What is the Saltviga House made with?

The Saltviga House is made with Dinesen flooring scraps.

What is Dinesen flooring?

Dinesen flooring is high-quality wooden flooring made from carefully selected trees.

Why is the Saltviga House made with Dinesen flooring scraps?

The Saltviga House utilized Dinesen flooring scraps to create a unique and sustainable design.

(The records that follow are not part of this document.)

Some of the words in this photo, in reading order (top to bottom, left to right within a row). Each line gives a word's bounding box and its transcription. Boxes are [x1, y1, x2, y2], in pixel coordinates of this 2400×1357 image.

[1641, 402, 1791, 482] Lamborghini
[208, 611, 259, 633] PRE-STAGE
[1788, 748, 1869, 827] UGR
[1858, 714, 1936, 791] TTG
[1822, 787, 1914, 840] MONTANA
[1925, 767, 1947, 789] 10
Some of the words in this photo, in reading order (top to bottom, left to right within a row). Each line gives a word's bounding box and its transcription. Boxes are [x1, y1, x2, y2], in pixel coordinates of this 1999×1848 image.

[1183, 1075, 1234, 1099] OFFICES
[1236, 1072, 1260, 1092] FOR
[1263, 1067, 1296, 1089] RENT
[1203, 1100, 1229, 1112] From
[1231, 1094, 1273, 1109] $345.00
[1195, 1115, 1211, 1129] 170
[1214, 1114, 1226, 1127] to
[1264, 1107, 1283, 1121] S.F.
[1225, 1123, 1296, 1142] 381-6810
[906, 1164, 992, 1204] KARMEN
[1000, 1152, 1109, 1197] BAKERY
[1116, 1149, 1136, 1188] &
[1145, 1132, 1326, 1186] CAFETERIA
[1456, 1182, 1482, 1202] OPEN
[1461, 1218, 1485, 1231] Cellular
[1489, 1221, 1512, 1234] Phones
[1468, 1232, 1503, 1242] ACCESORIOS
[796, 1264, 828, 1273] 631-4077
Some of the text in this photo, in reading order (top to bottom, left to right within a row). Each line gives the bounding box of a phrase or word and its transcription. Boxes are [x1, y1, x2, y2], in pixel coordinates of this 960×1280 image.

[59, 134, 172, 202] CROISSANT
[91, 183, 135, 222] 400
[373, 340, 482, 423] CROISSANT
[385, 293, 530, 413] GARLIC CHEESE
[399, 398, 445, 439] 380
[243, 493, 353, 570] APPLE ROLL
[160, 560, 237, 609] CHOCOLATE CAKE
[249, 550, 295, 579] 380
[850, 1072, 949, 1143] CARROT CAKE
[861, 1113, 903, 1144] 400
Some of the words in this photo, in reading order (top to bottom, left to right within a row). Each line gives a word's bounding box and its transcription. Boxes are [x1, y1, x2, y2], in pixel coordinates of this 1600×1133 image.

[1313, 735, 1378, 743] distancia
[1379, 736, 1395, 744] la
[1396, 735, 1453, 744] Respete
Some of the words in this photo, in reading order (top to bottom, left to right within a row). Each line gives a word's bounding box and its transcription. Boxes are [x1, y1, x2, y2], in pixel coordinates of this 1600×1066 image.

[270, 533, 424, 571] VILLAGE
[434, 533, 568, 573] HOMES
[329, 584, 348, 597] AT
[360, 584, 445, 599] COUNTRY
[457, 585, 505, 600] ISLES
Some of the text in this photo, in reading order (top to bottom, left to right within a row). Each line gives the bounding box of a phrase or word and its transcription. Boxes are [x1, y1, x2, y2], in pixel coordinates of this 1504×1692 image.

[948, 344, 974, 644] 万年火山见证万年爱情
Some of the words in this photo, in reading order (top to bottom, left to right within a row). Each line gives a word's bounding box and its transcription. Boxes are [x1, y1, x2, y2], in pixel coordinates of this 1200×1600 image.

How was the Saltviga House constructed using Dinesen flooring scraps?

The Saltviga House used the Dinesen flooring scraps to build walls, ceilings, cabinetry, and other structural elements.

Is the Saltviga House eco-friendly?

Yes, the use of Dinesen flooring scraps in the construction of the Saltviga House showcases sustainable and environmentally conscious design.

What other materials were used in the construction of the Saltviga House?

In addition to Dinesen flooring scraps, other materials such as glass, concrete, and steel were used in the Saltviga House construction.

Who designed the Saltviga House?

The Saltviga House was designed by Norm Architects.

Where is the Saltviga House located?

The Saltviga House is located in Denmark.

Can I use Dinesen flooring scraps for my own project?

Yes, Dinesen flooring scraps can be used for various creative projects and design applications.

Where can I purchase Dinesen flooring?

Dinesen flooring can be purchased directly from their website or through authorized dealers.